Task to complete: Everything from the line containing "this 1365×2048 image." down to the last line of the entries below must be transcribed exactly, and nothing else.

Task material:
※ ※ ※

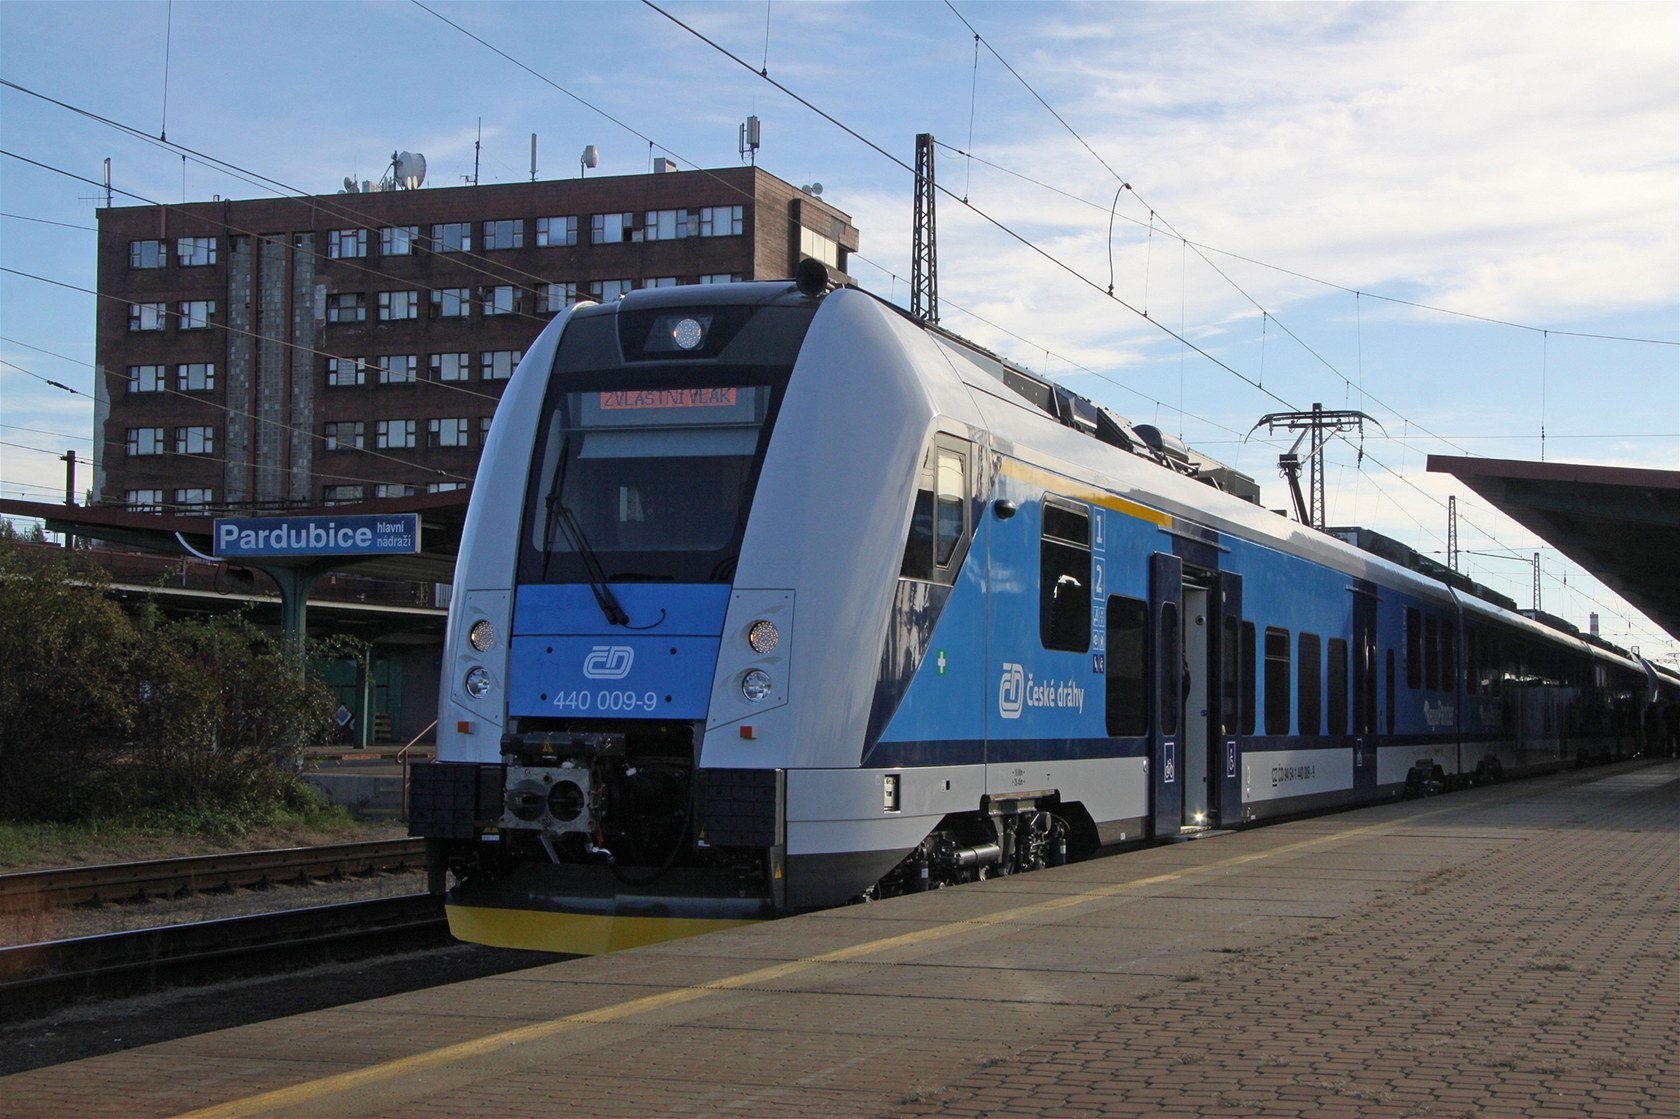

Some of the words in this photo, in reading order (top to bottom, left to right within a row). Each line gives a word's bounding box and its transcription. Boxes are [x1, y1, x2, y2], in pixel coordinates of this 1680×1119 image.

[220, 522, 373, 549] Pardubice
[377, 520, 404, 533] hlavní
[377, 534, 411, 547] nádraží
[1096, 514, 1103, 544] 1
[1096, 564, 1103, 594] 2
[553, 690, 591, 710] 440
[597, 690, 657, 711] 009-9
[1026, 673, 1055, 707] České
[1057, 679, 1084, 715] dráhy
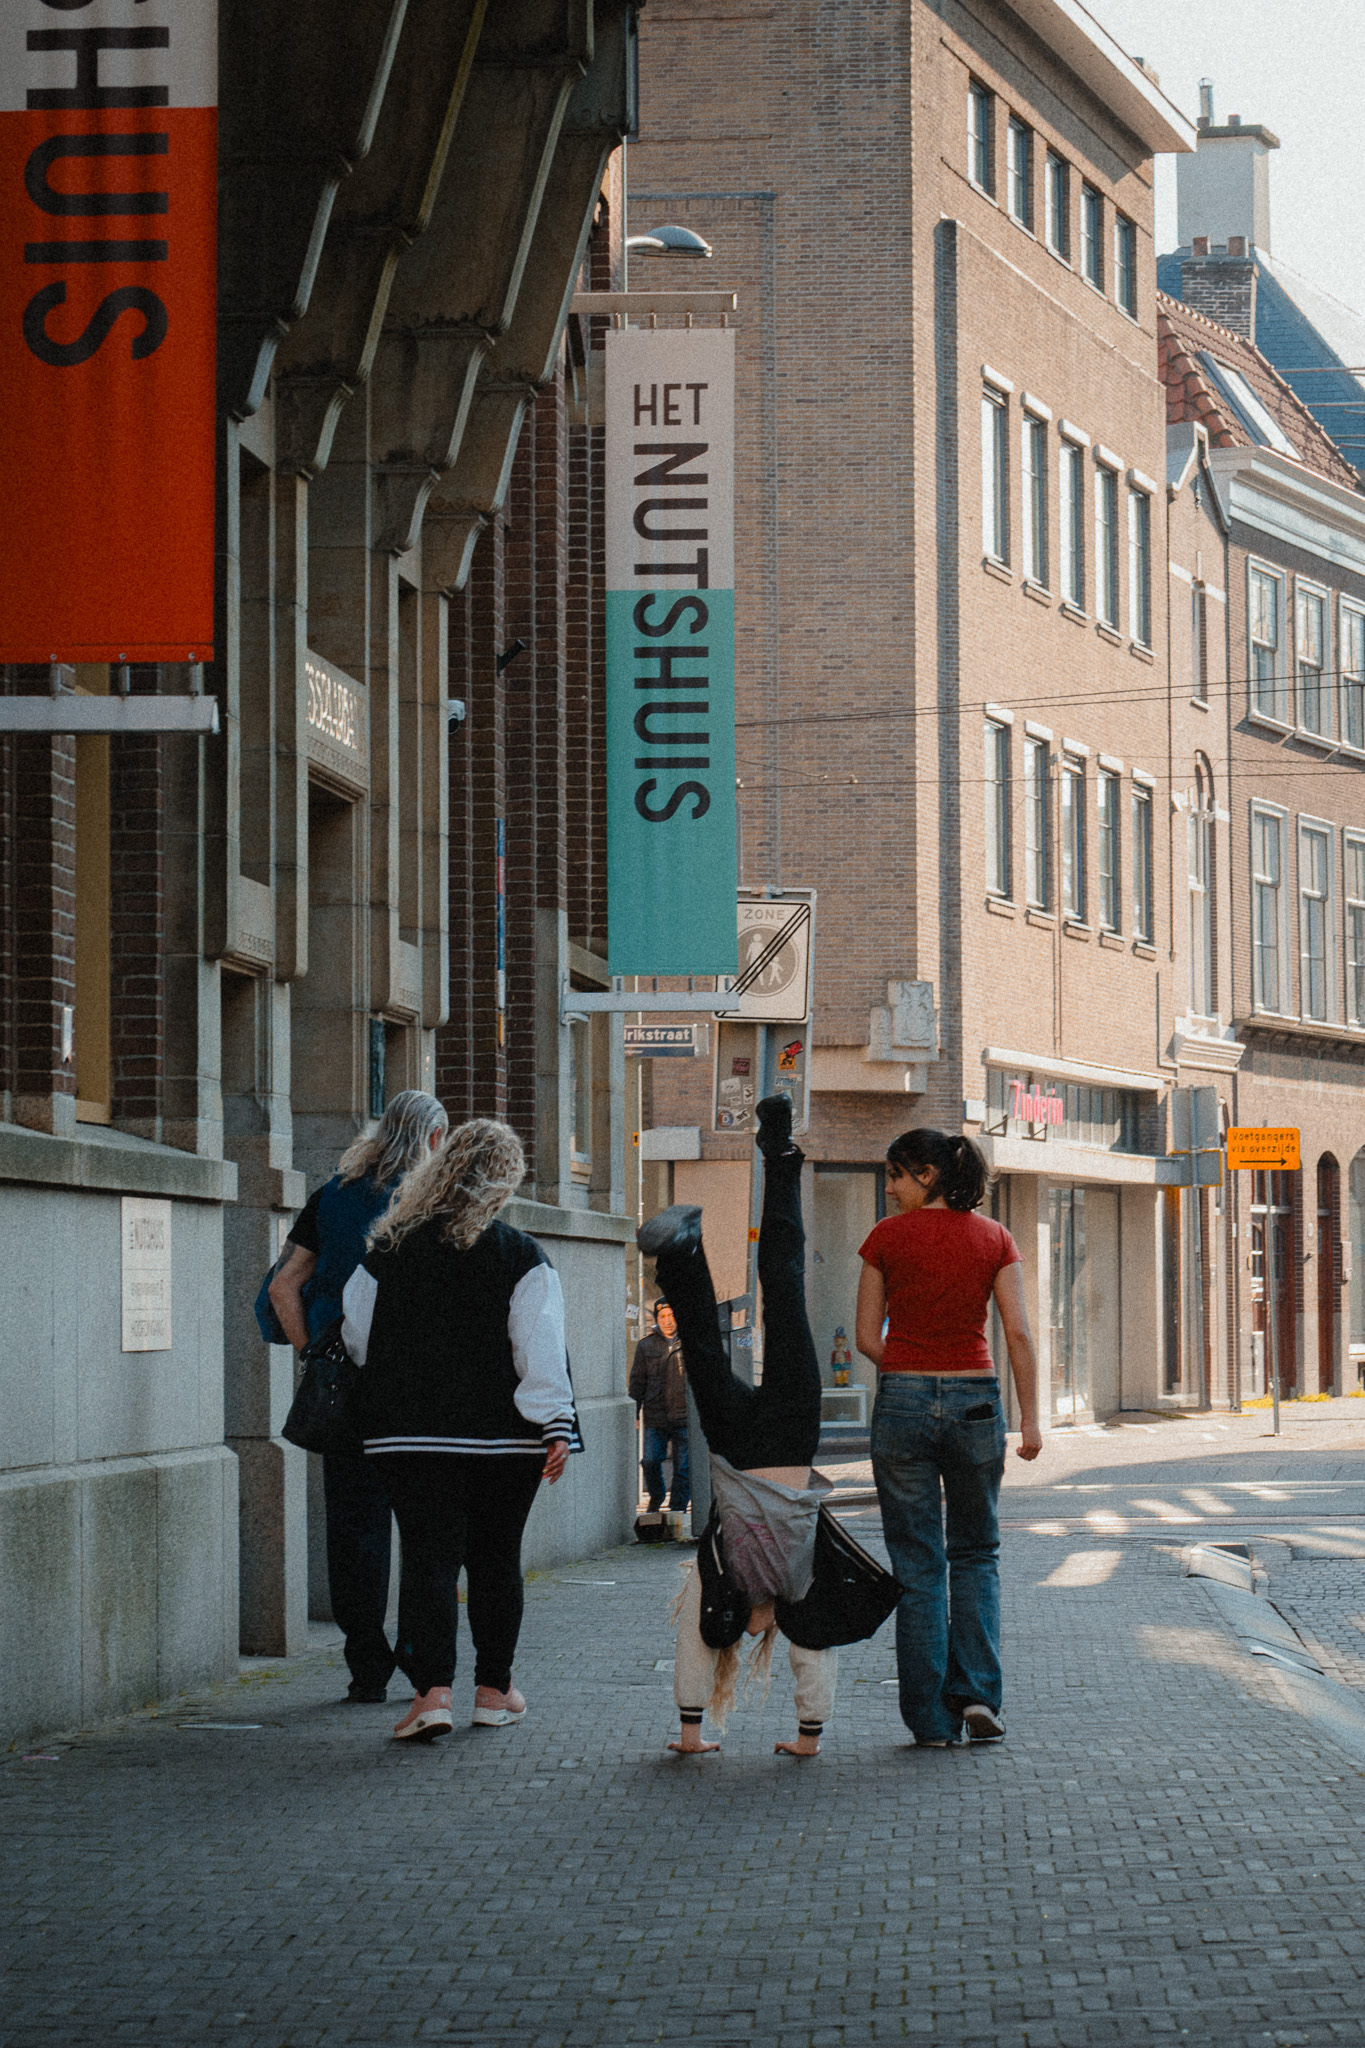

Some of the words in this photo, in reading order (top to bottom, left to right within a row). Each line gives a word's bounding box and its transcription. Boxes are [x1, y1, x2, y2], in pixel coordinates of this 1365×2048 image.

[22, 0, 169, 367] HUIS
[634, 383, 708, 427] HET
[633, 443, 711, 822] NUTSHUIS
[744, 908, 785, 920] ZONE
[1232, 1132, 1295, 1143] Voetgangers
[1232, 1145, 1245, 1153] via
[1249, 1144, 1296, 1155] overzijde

※ ※ ※

Answer below:
Some of the words in this photo, in reading order (top to bottom, left to right within a row). Each line gives a word's bounding box and its transcription. Boxes are [x1, y1, x2, y2], in pixel coordinates of this 1365×2048 image.

[22, 0, 169, 367] HUIS
[634, 383, 708, 427] HET
[633, 443, 711, 822] NUTSHUIS
[744, 908, 785, 920] ZONE
[1232, 1132, 1295, 1143] Voetgangers
[1232, 1145, 1245, 1153] via
[1249, 1144, 1296, 1155] overzijde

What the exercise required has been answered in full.